Arf and Arf

Since you can count on Paul Mazursky to love actors, it's no surprise that HBO's biopic Winchell, premiering November 21, is most compelling as a zesty showcase for two of the most resourceful around— Big Night's Stanley Tucci, who brings marvelous shadings of cagey but innocent self-love to the title role, and Private Parts's Paul Giamatti as Walter Winchell's woebegone ghostwriter Herman Klurfeld, on whose biography of his former boss the movie is based. Not that Scott Abbott's script lacks angles on the onetime terror of the Stork Club, chiefly an appreciative attention to the man's gift of gab: "When there's someting new to bark," Winchell defends the neologism-studded, euphemism-crazy style his column and broadcasts added to 20th-century Americanese, "English will always find a way to bark it." But what seems at first an interestingly nuanced take on his career turns out to be an attempt to sell us on the subject, boosting Winchell the celebrity-goading populist and early anti-Nazi so that we'll find his decline poignant— which I imagine very few of his contemporaries did.

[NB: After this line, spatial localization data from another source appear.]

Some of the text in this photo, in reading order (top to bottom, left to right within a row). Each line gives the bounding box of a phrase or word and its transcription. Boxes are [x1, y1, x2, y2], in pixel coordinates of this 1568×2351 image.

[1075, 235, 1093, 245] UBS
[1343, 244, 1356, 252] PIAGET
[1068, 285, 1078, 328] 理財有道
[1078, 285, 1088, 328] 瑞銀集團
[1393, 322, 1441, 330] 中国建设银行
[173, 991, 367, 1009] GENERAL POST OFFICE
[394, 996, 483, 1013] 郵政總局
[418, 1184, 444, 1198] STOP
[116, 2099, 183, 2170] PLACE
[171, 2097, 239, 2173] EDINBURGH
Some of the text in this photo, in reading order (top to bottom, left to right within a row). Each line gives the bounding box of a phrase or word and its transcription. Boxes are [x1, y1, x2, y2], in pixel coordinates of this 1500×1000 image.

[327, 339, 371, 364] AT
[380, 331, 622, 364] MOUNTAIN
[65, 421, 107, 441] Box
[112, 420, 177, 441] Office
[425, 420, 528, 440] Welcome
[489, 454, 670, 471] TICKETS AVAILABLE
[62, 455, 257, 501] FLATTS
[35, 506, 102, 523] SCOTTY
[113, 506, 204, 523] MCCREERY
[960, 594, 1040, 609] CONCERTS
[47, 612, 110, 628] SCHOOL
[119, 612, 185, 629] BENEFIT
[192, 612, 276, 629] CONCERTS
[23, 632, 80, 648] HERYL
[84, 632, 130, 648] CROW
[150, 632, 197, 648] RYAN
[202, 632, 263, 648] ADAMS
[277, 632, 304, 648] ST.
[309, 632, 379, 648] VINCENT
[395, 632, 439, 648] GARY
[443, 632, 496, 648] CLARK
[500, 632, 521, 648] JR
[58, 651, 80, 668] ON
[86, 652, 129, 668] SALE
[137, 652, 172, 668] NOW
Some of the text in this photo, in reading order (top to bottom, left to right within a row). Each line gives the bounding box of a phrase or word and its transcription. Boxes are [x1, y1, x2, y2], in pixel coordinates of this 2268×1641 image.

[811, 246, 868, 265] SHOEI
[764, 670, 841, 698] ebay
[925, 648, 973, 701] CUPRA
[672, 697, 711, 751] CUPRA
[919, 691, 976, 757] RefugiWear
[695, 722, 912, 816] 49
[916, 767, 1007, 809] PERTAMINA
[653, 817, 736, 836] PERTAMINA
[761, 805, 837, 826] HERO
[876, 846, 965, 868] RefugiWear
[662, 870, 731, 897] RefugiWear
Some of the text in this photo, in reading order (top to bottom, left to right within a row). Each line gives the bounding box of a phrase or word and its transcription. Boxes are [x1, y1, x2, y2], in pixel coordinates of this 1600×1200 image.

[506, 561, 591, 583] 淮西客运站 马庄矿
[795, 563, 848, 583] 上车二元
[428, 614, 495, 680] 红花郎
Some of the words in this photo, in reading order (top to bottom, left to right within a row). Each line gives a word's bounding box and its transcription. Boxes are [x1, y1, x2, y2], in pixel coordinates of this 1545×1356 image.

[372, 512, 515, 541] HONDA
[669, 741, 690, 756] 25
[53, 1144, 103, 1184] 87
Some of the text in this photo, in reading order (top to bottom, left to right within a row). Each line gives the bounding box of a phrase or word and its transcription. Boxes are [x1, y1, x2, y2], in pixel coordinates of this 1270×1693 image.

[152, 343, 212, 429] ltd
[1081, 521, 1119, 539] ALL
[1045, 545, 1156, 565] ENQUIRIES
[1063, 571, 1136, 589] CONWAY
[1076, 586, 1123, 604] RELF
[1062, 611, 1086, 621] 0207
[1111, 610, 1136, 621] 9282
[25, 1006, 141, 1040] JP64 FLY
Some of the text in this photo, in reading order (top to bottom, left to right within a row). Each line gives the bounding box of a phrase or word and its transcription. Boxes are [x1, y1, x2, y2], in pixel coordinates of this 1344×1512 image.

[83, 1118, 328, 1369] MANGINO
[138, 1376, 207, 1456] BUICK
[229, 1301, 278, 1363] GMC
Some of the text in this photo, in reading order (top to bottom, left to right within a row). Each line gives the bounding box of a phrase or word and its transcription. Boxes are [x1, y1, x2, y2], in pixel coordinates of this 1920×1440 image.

Even so, the first half is often smart and lively, pithily charting Winchell's rise from gadfly Hearst gossipmonger to radio stardom. (According to the movie, he guaranteed his famously machine-gun-paced delivery by drinking so much water beforehand that he came to the microphone desperate to pee.) Soon he's attacking Hitler, over Hearst's resistance but egged on by FDR (a cameo by Christopher Plummer, who does a grand job of playing the wrong president; he's a dead ringer for Woodrow Wilson). But after that finest hour, which Mazursky and Abbott rightly admire but make too much of, the movie falls apart, vaguing out on Winchell's red-baiting years while milking too much bathos from Giamatti's role as the Jed Leland to Tucci's tin-pot Citizen Kane. He's so loyal and heartbroken he seems more like Winchell's dog— with nothing new to bark.